> Task to carry out
Carry none of the pictures over; write out the complete data exactly.

Spatial localization data
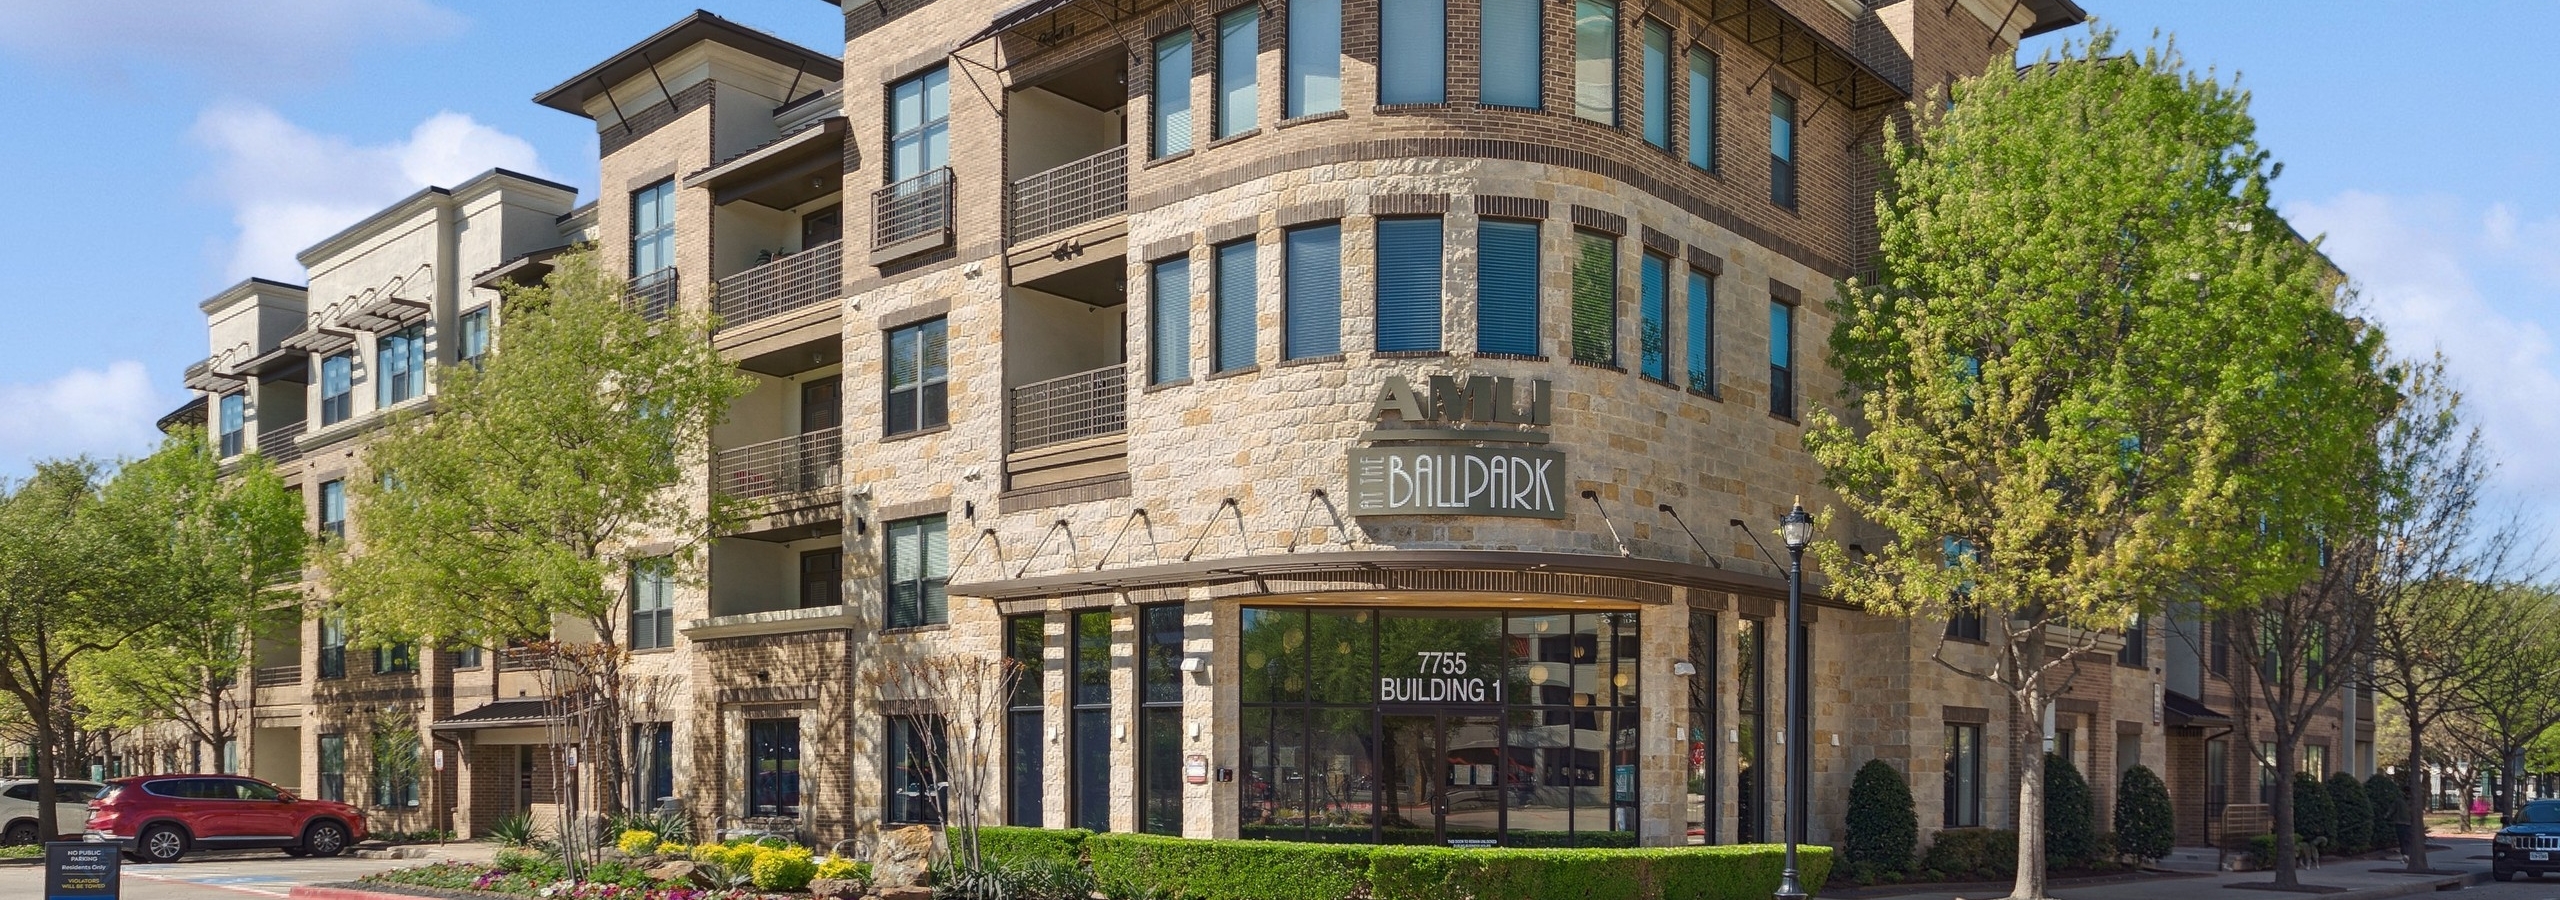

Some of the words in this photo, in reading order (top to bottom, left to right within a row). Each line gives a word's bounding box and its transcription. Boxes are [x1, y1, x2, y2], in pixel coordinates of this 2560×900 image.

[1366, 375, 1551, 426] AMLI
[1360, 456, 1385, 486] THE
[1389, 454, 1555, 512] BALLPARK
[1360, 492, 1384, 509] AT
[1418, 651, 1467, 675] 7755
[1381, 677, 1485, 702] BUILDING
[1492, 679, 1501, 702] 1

> Exercise output
Some of the words in this photo, in reading order (top to bottom, left to right within a row). Each line gives a word's bounding box and its transcription. Boxes are [x1, y1, x2, y2], in pixel coordinates of this 2560×900 image.

[1366, 375, 1551, 426] AMLI
[1360, 456, 1385, 486] THE
[1389, 454, 1555, 512] BALLPARK
[1360, 492, 1384, 509] AT
[1418, 651, 1467, 675] 7755
[1381, 677, 1485, 702] BUILDING
[1492, 679, 1501, 702] 1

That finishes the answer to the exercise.